A few years ago I took almost 30 off days and drove from the east coast out to CA as well. Not much to see until you get to ST Louis then I went hunting in Kansas. I went north through Nebraska which sucked lot since nothing to look at and a lot of deer at night and trains galore. South Dakota sucked until I reached the Black Hills and the Mount Rushmore. If you can check out Yellow Stone and the Grand Teton mountains. 

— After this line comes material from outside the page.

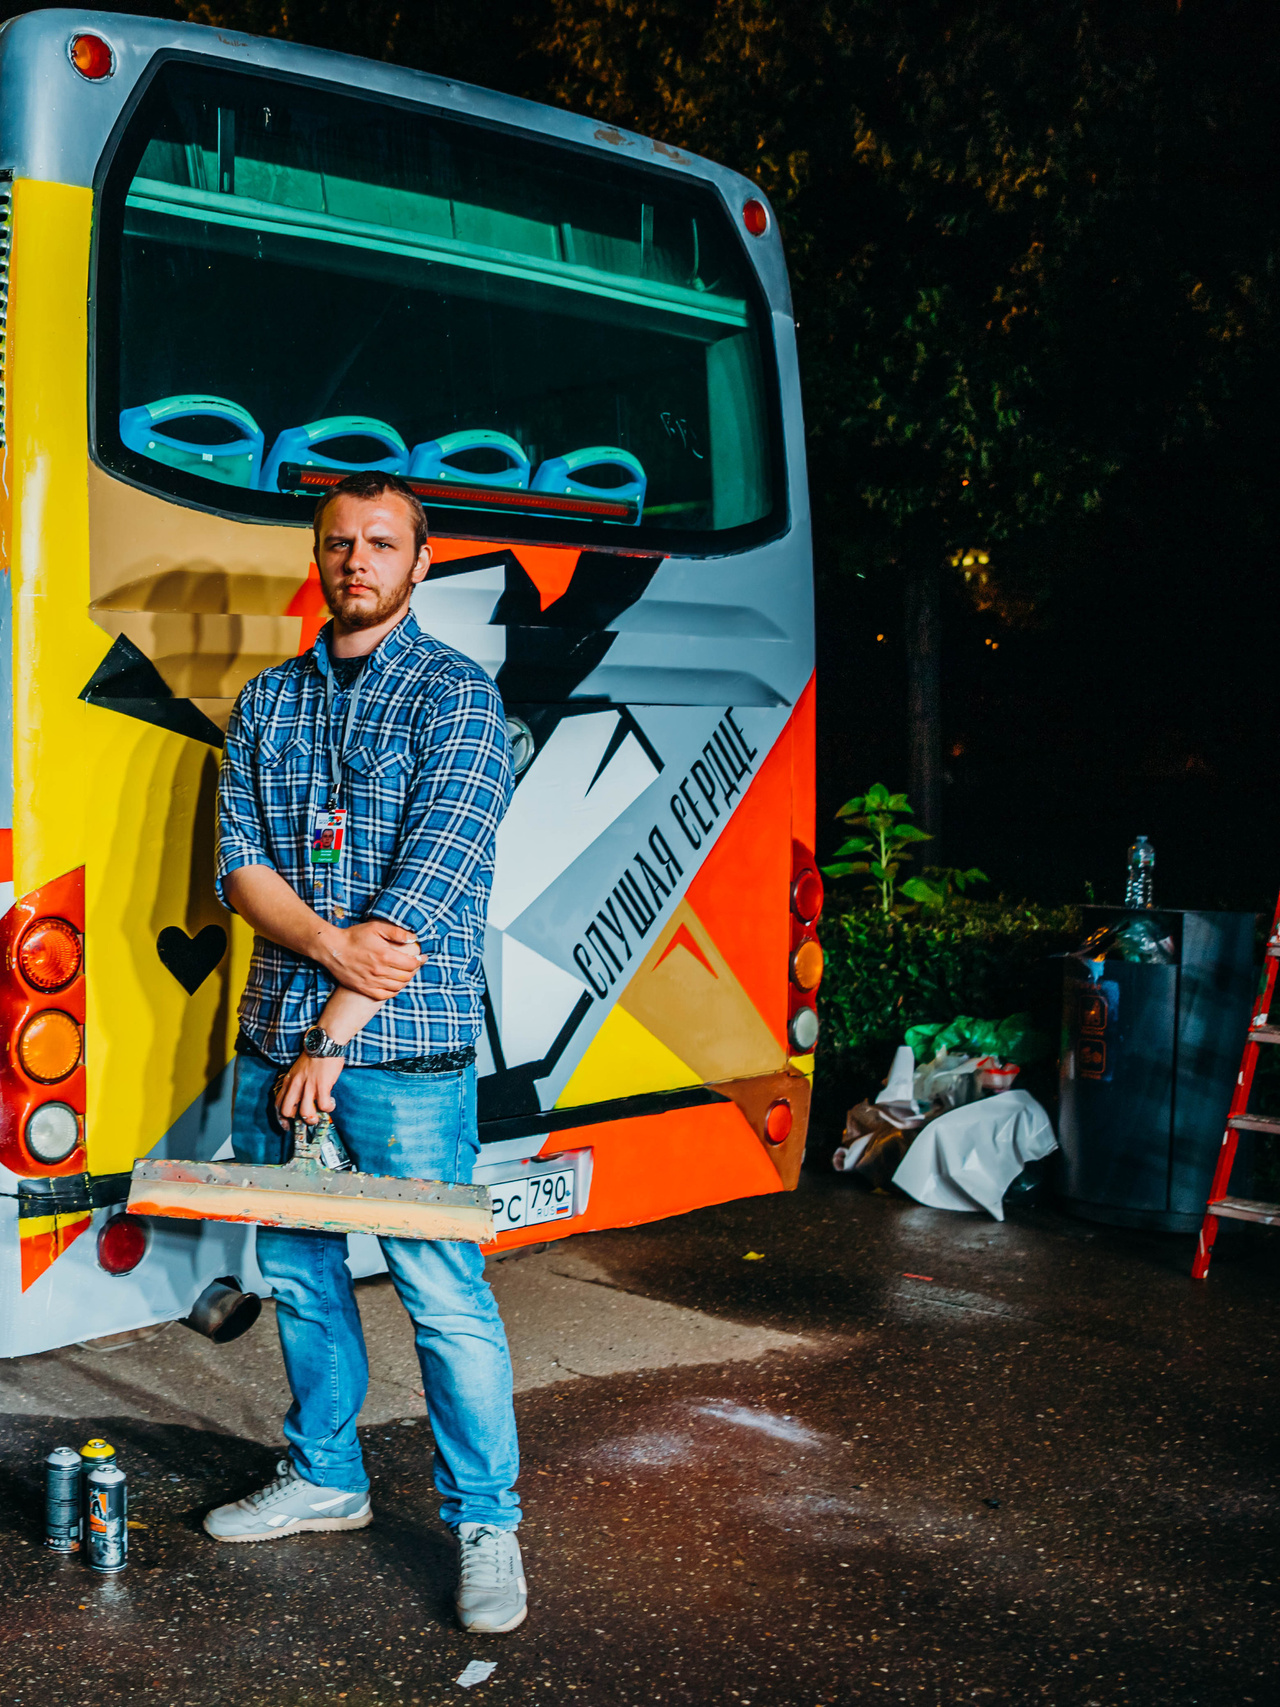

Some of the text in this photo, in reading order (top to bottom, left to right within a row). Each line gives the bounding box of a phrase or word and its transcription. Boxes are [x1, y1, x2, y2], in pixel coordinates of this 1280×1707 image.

[573, 706, 758, 1000] СЛУШАЯ СЕРДЦЕ
[530, 1176, 566, 1208] 790
[537, 1206, 555, 1217] RUS

I pretty much followed your same route after wards but just went to LA then headed east to Vegas then went to the Grand Canyon which was amazing. A few times in some rural places I thought I was going to run out of gas so don't get to low on gas. I suggest bringing a cooler as well as some pillows fom when you aren't driving. And do like a Japanese tourist and take a lot of pics. Have fun on your trip.


----------



## Tatanka Head (Jan 13, 2014)

Mammoth Lifty said:


> Thanks for the advice guys! just to clarify KC is where family is so they'll be able to show me where to grab some good BBQ. AAA and my tool box is all set up and the camping gear is already prepped in the thule. T minus 4 days until I head out. I'm getting pretty excited and I will for sure be chronicling the trip in this thread. Hope to get some video and great pictures on the way.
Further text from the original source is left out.